Research Article - (2013) Volume 2, Issue 1

Conformational Studies of [11Ψ12(CN4)]ScyII and [15Ψ16(CN4)]ScyII– Two Scyliorhinin II Analogues by means of 2D NMR Spectroscopy and Theoretical Methods

Krzysztof Brzozowski1, Emilia Sikorska1, Hanna Miecznikowska1, Katarzyna Konecko1, Rafał Ślusarz1, Jolanta Kumirska1*, Witold Mozga2, Jacek Olczak2, Janusz Zabrocki2, Sylwia Rodziewicz-Motowidło1 and Zbigniew Kaczyński1
1Faculty of Chemistry, University of Gdańsk, Sobieskiego 18, 80-952 Gdańsk, Poland, E-mail:
2Institute of Organic Chemistry, Technical University of Łódź, Żeromskiego 116, 90-924 Łódź, Poland, E-mail:
*Corresponding Author: Jolanta Kumirska, Faculty of Chemistry, University of Gdańsk, Sobieskiego 18, 80-952 Gdańsk, Poland, Tel: (+48 58) 523 5470, Fax: (+48 58) 5235454 Email:


A conformational analysis of two analogues of scyliorhinin II [11Ψ12(CN4])]ScyII and [15Ψ16(CN4)]ScyII was performed in DMSO-d6. 2D NMR techniques and restrained molecular dynamics were applied. Our previous studies had shown Scyliorhinin II adopts three cis peptide bonds in DMSO-d6 solution. Moreover, in its two analogues [Aib16] ScyII and [Sar16]ScyII, we also found cis peptide bond geometries. Taking above into consideration, we decided to perform extensive conformational studies of restrained ScyII analogues. To do so, we introduced tetrazole groups into either of peptides studied. These peptides were synthesized by the solid-phase method using the Fmoc chemistry. In the case of two analogues, the following spectra were recorded: TOCSY, NOESY, ROESY, DQF-COSY and set of temperature ones. To obtain final structures, we performed restrained molecular dynamics simulations carried out using CHARMM force field as implemented in XPLOR 3.11 programm. Our calculations resulted in two ensembles of 10 conformations each. Comparing the obtained structures, we found that introduction of a 1,5-substituted tetrazole ring influences the three dimensional structure both locally and globally.

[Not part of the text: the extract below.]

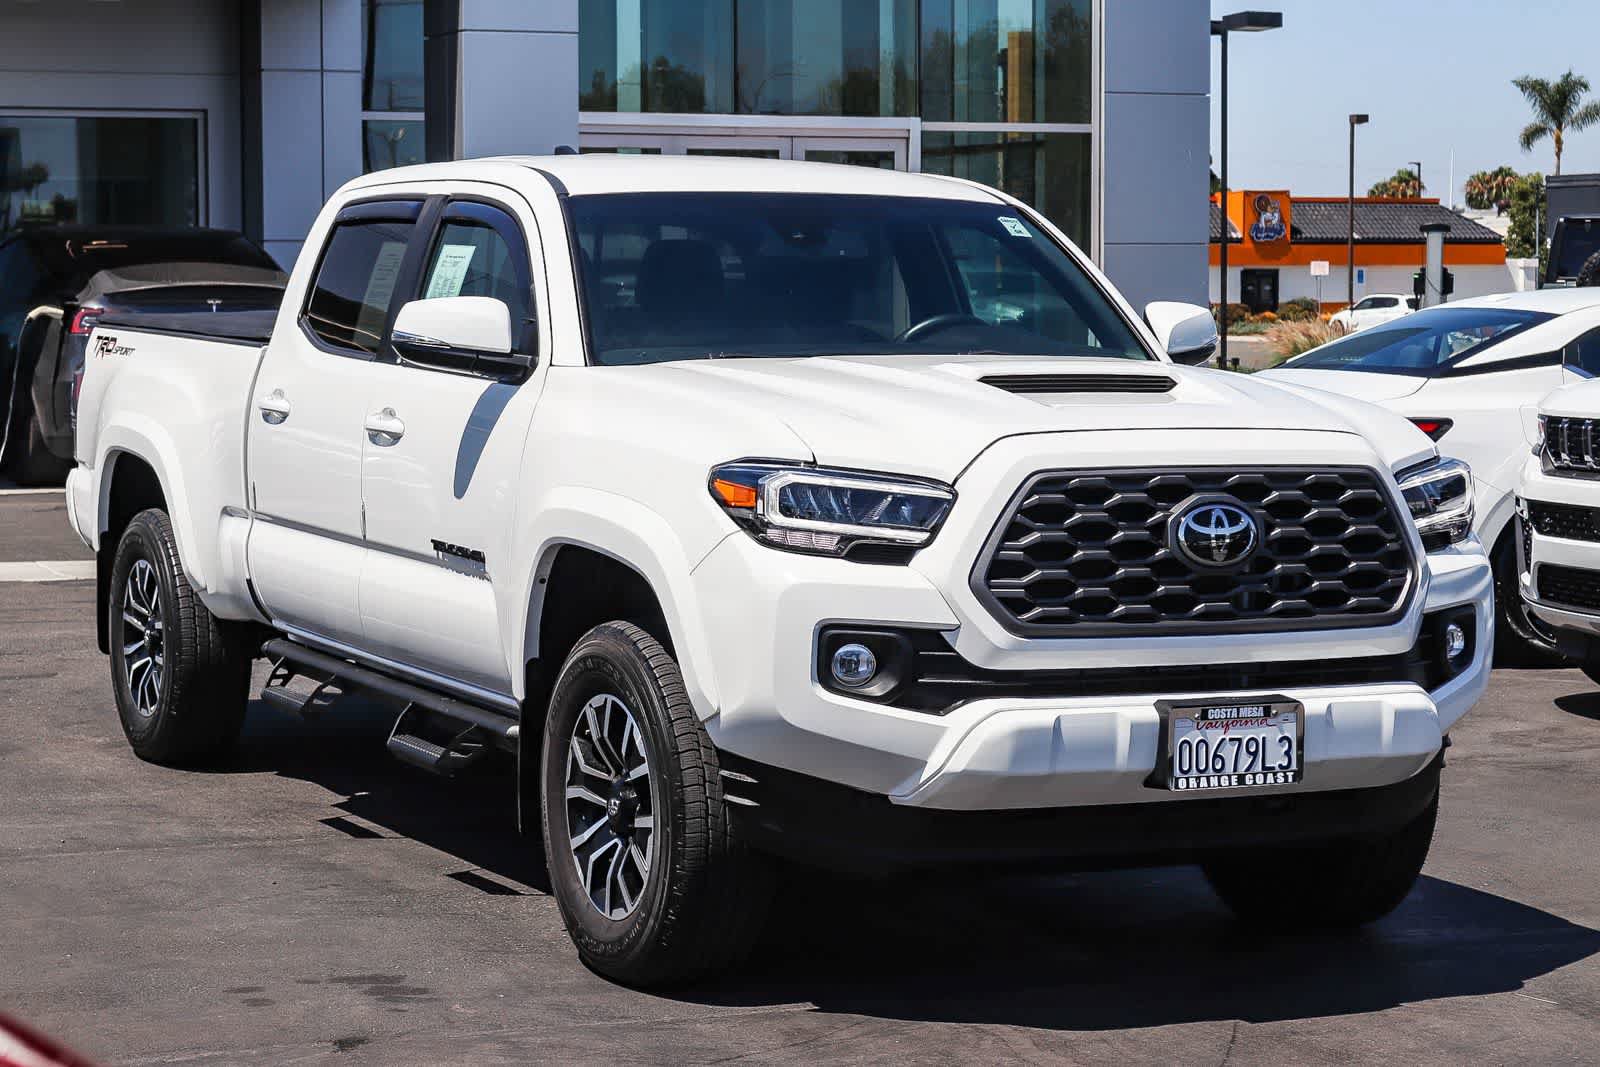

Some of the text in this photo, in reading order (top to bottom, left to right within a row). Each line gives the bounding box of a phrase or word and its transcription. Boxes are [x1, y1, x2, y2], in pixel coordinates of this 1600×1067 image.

Keywords: Conformational studies; Tachykinins; Scyliorhinin II; NMR spectroscopy; Conformational analysis; Molecular dynamics


Conformationally constrained peptides are very good subjects for investigations, since the provided modifications make the structure more rigid. It helps in studies of active conformations structures in solution. Widely used cis peptide bond constraints include: N-metylated residues [1], double bonds [2], or 1,2,3 triazole [3]. But the most common cis amide bond surrogate is 1,5-disubstituted tetrazole [4,5]. This mimic was successfully introduced to among others bradykinin [6], CCK-B receptor ligands [7], somatostatin [8], enkephalins [9], TRH analogues [10] or scyliorhinin I [11], allowing structural studies of bioactive conformations.

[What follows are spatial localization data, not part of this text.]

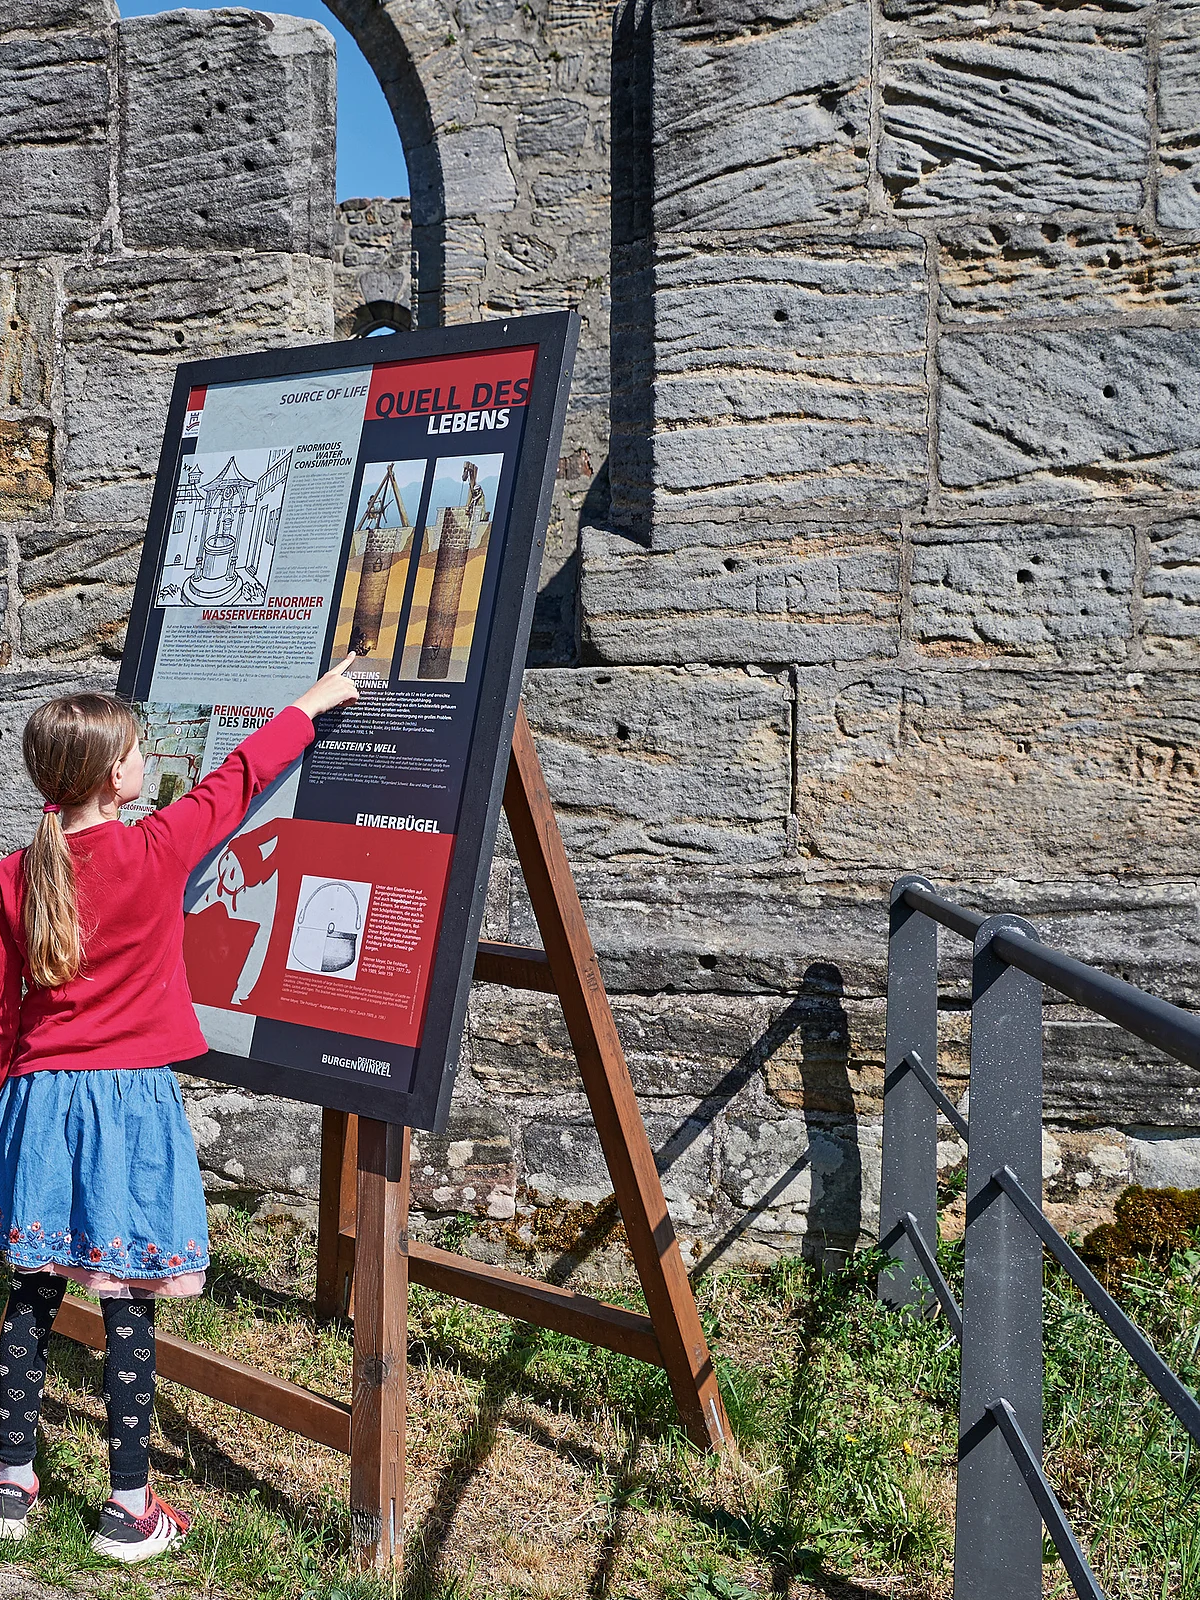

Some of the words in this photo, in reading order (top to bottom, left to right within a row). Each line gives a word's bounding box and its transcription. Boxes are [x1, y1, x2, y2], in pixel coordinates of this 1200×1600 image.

[279, 390, 323, 405] SOURCE
[325, 388, 342, 400] OF
[343, 385, 368, 399] LIFE
[375, 385, 461, 418] QUELL
[471, 378, 529, 407] DES
[427, 408, 511, 435] LEBENS
[296, 441, 342, 453] ENORMOUS
[315, 450, 343, 460] WATER
[294, 457, 353, 469] CONSUMPTION
[267, 596, 324, 608] ENORMER
[202, 609, 312, 620] WASSERVERBRAUCH
[343, 671, 380, 680] ENSTEINS
[354, 680, 389, 689] RUNNEN
[213, 705, 275, 718] REINIGUNG
[218, 717, 240, 728] DES
[242, 718, 272, 729] BRU
[373, 743, 397, 753] WELL
[355, 813, 440, 834] EIMERBÜGEL
[321, 1054, 392, 1078] BURGENWINKEL

The object of this study Scyliorhinin II (ScyII) was isolated from the dogfish gut in 1986 by Conlon et al. [12]. It is a tachykinin peptide which displays selective agonistic activity towards the NK-3 tachykinin receptor [13]. All tachykinin receptors are of similar sequence and belong to the family of G-protein coupled receptors. Their structure is based on heptahelical structure of rhodopsin [14]. The wide range of physiological activity of tachykinin peptides is caused by their short backbone and linearity [15]. Because of these features, they can easily adopt bioactive conformation in contact with the receptor. Scyliorhinin II is one of the biggest tachykinin peptides. Furthermore, there is a disulfide bridge which is rare structural element among all naturally occuring tachykinins. The amino acid sequence of this peptide is as follows:

Ser1-Pro-Ser-Asn-Ser-Lys-Cys(&)-Pro-Asp-Gly-Pro-Asp-Cys(&)- Phe-Val-Gly-Leu-Met18

Literature data [1,16-18] describes selective agonists for NK-3 tachykinin receptor as ones which prefer to adopt α-helical conformation. Our previous studies showed that ScyII does not adopt any particular secondary structure in the solution. Moreover, we detected the existence of cis/trans equilibrium involving three residues of ScyII [19].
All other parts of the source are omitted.